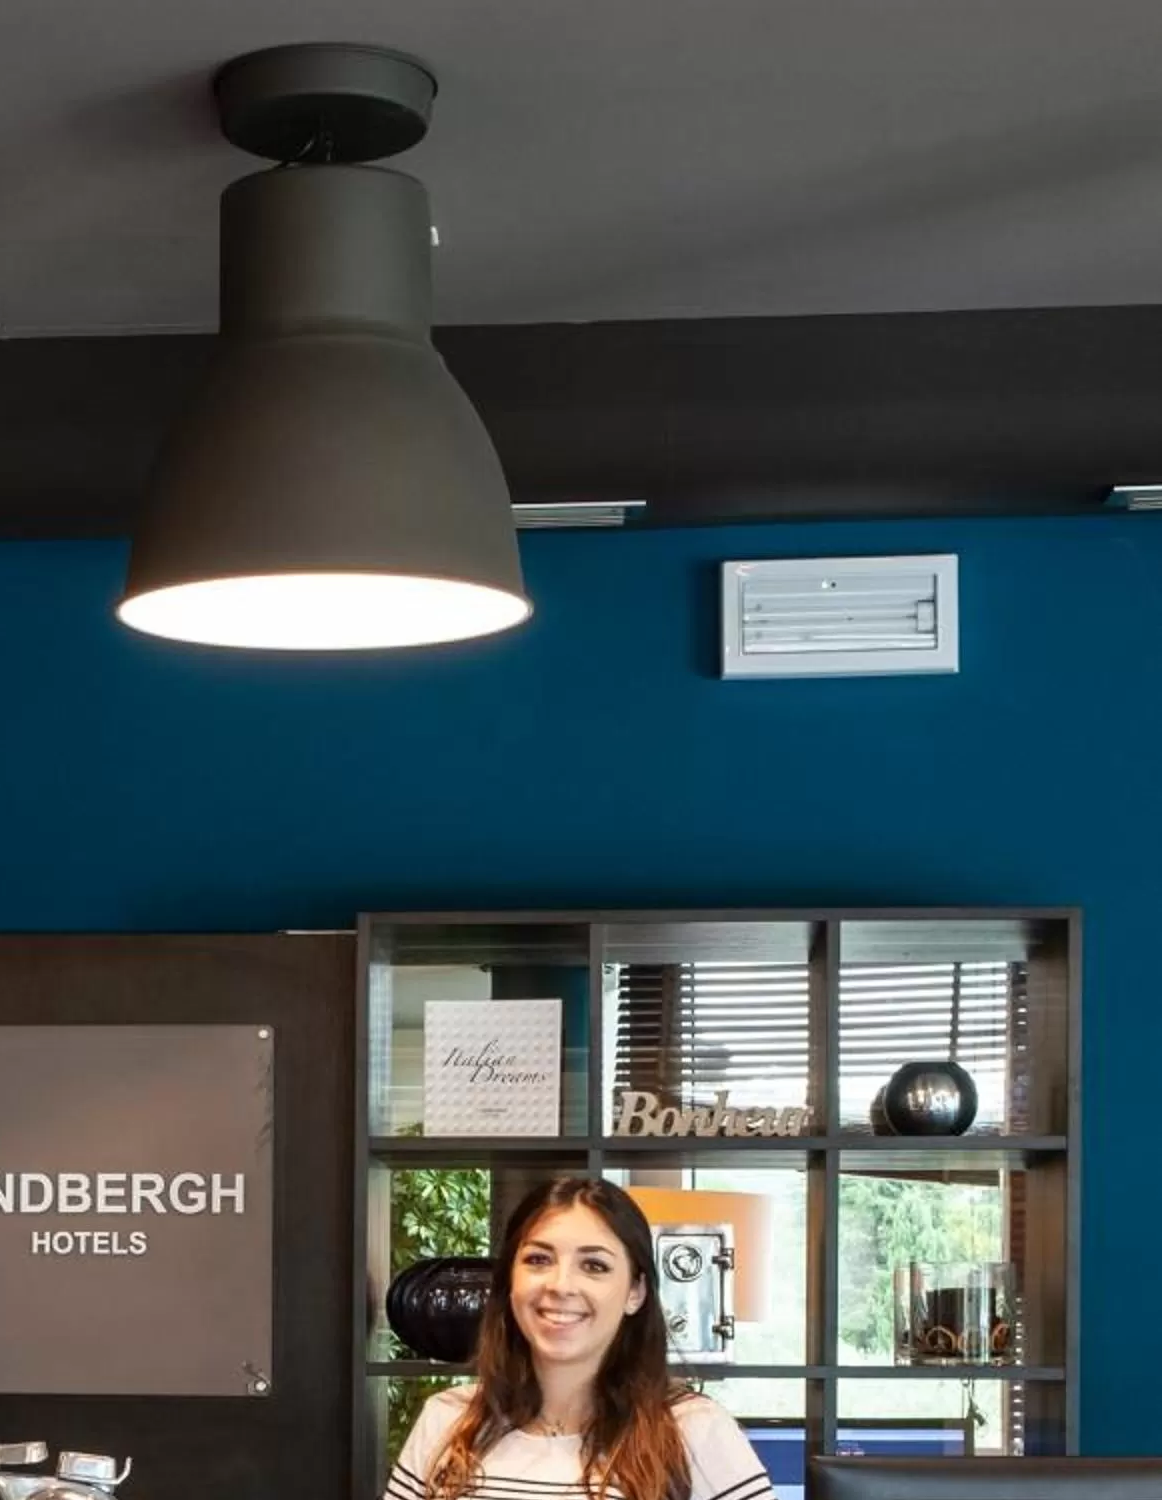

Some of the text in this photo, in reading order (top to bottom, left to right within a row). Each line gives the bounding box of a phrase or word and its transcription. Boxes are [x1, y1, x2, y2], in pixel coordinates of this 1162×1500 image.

[441, 1039, 516, 1067] Italian
[469, 1065, 547, 1084] Dreams
[612, 1089, 814, 1137] Bonheur
[31, 1231, 147, 1254] HOTELS
────
Send back every record exactly as it stands, except the pictures.

Some of the text in this photo, in reading order (top to bottom, left to right within a row). Each line gives the bounding box of a phrase or word and its transcription. Boxes are [x1, y1, x2, y2], in pixel coordinates of this 1162×1500 image.

[441, 1039, 516, 1067] Italian
[469, 1065, 547, 1084] Dreams
[612, 1089, 814, 1137] Bonheur
[31, 1231, 147, 1254] HOTELS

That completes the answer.